[Image-backed grounding data]
______________________________
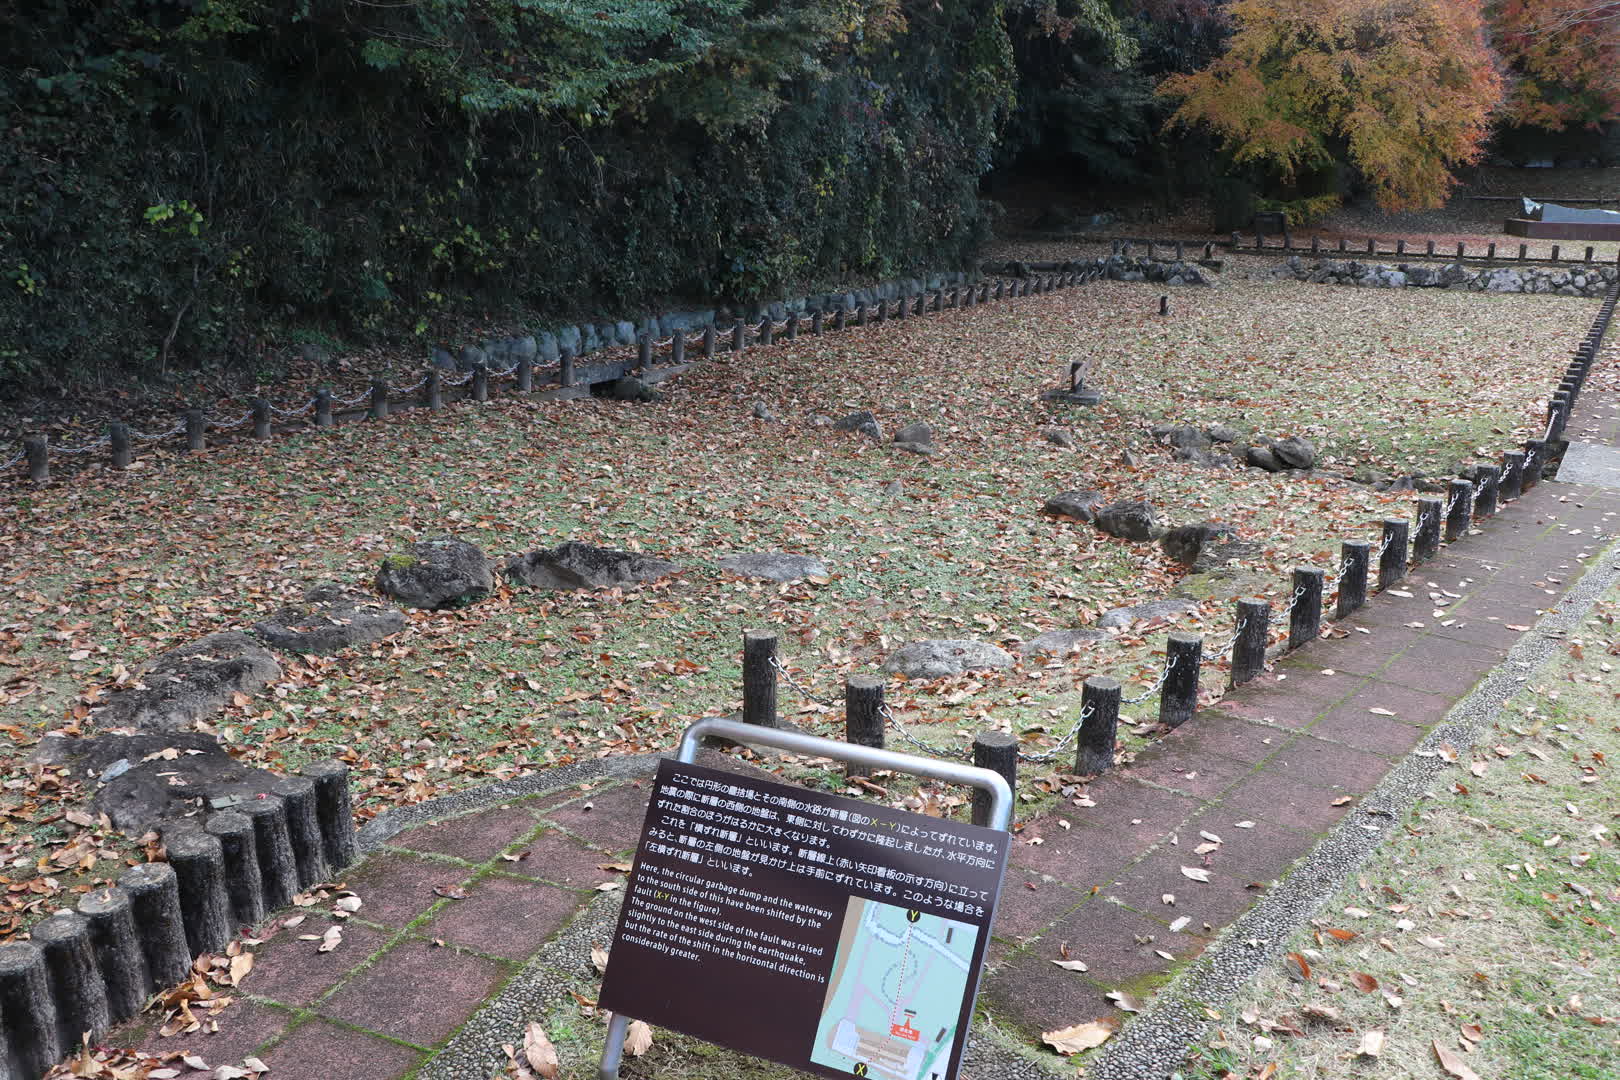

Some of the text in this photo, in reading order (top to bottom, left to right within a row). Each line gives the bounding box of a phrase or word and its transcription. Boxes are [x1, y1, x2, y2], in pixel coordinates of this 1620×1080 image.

[657, 799, 830, 849] ずれた割合のほうがはるかに大きくなります。
[634, 885, 722, 916] fault (X-Y in the figure).
[640, 862, 832, 920] Here, the circular garbage dump and the waterway
[647, 876, 659, 885] the
[660, 880, 681, 891] south
[683, 886, 698, 896] side
[700, 891, 708, 899] of
[709, 893, 724, 904] this
[726, 897, 744, 908] have
[745, 902, 764, 914] been
[766, 907, 795, 922] shifted
[796, 916, 806, 927] by
[808, 919, 821, 928] the
[622, 933, 700, 962] considerably greater.
[625, 920, 638, 930] but
[639, 925, 654, 934] the
[653, 930, 668, 939] rate
[679, 936, 691, 945] the
[693, 939, 711, 952] shift
[712, 944, 720, 953] in
[721, 948, 734, 958] the
[736, 950, 777, 971] horizontal
[779, 964, 815, 981] direction
[818, 974, 825, 983] is
[628, 909, 657, 924] slightly
[667, 920, 679, 929] the
[681, 925, 697, 935] east
[698, 929, 714, 939] side
[715, 932, 742, 948] during
[744, 942, 757, 951] the
[758, 947, 806, 965] earthquake,
[632, 897, 823, 956] The ground on the west side of the fault was raised
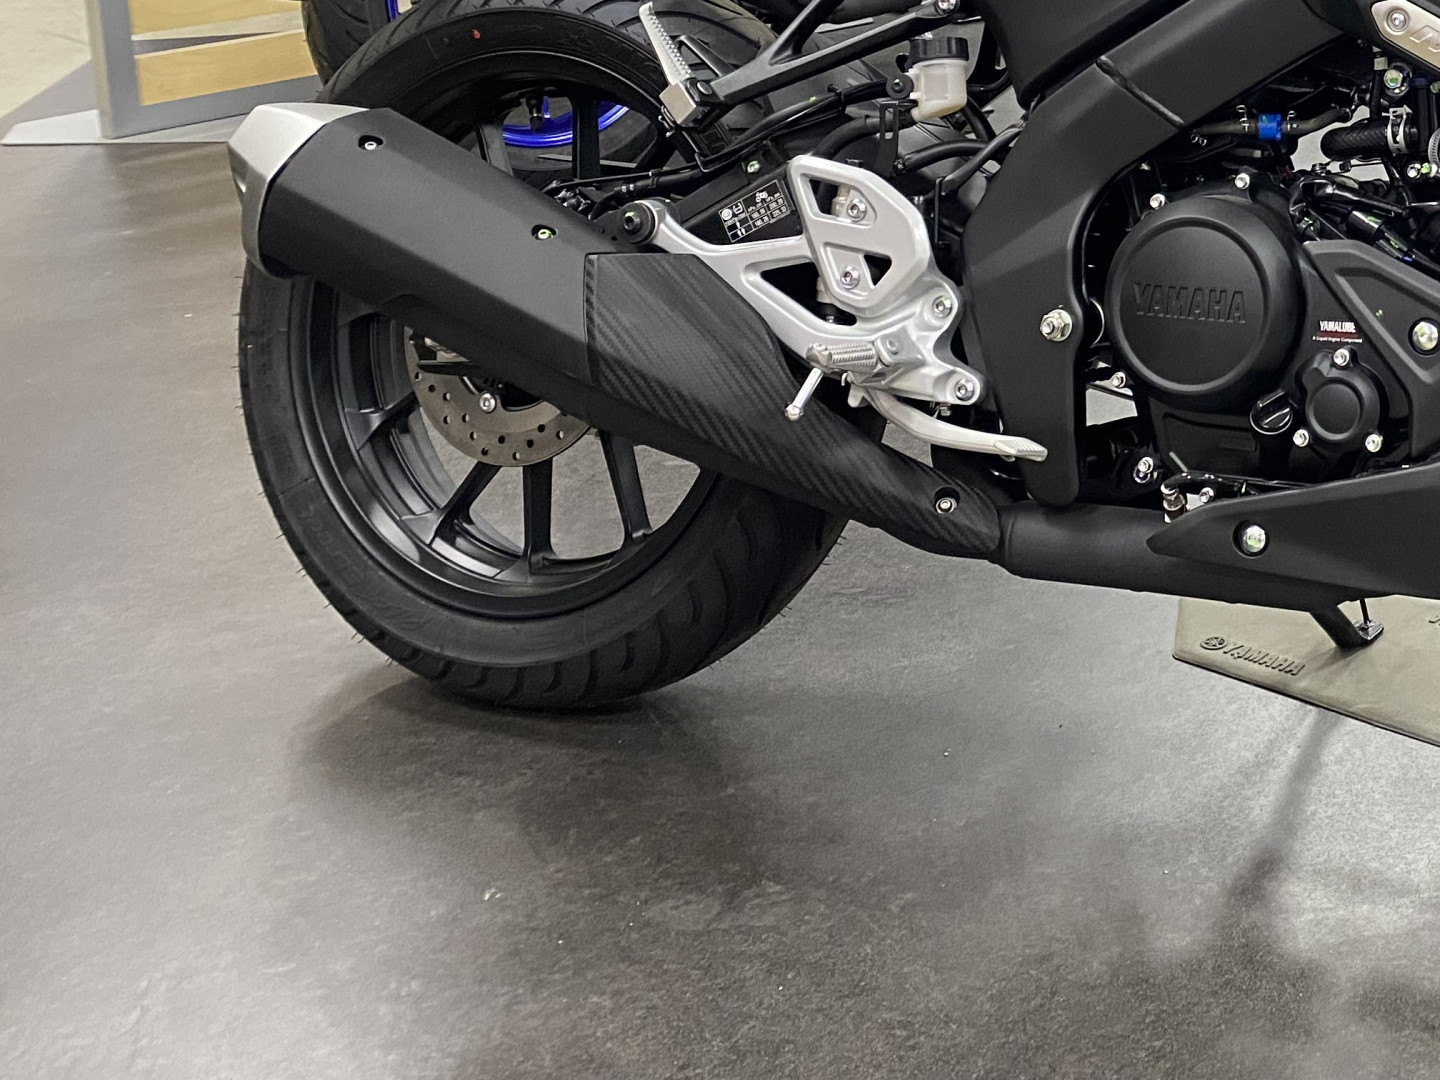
______________________________
**WORK TASK**
Word for word, set down every line of the records above, and leave the pictures out.

**TASK RESULT**
Some of the text in this photo, in reading order (top to bottom, left to right within a row). Each line gives the bounding box of a phrase or word and its transcription. Boxes are [x1, y1, x2, y2], in pixel coordinates of this 1620×1080 image.

[657, 799, 830, 849] ずれた割合のほうがはるかに大きくなります。
[634, 885, 722, 916] fault (X-Y in the figure).
[640, 862, 832, 920] Here, the circular garbage dump and the waterway
[647, 876, 659, 885] the
[660, 880, 681, 891] south
[683, 886, 698, 896] side
[700, 891, 708, 899] of
[709, 893, 724, 904] this
[726, 897, 744, 908] have
[745, 902, 764, 914] been
[766, 907, 795, 922] shifted
[796, 916, 806, 927] by
[808, 919, 821, 928] the
[622, 933, 700, 962] considerably greater.
[625, 920, 638, 930] but
[639, 925, 654, 934] the
[653, 930, 668, 939] rate
[679, 936, 691, 945] the
[693, 939, 711, 952] shift
[712, 944, 720, 953] in
[721, 948, 734, 958] the
[736, 950, 777, 971] horizontal
[779, 964, 815, 981] direction
[818, 974, 825, 983] is
[628, 909, 657, 924] slightly
[667, 920, 679, 929] the
[681, 925, 697, 935] east
[698, 929, 714, 939] side
[715, 932, 742, 948] during
[744, 942, 757, 951] the
[758, 947, 806, 965] earthquake,
[632, 897, 823, 956] The ground on the west side of the fault was raised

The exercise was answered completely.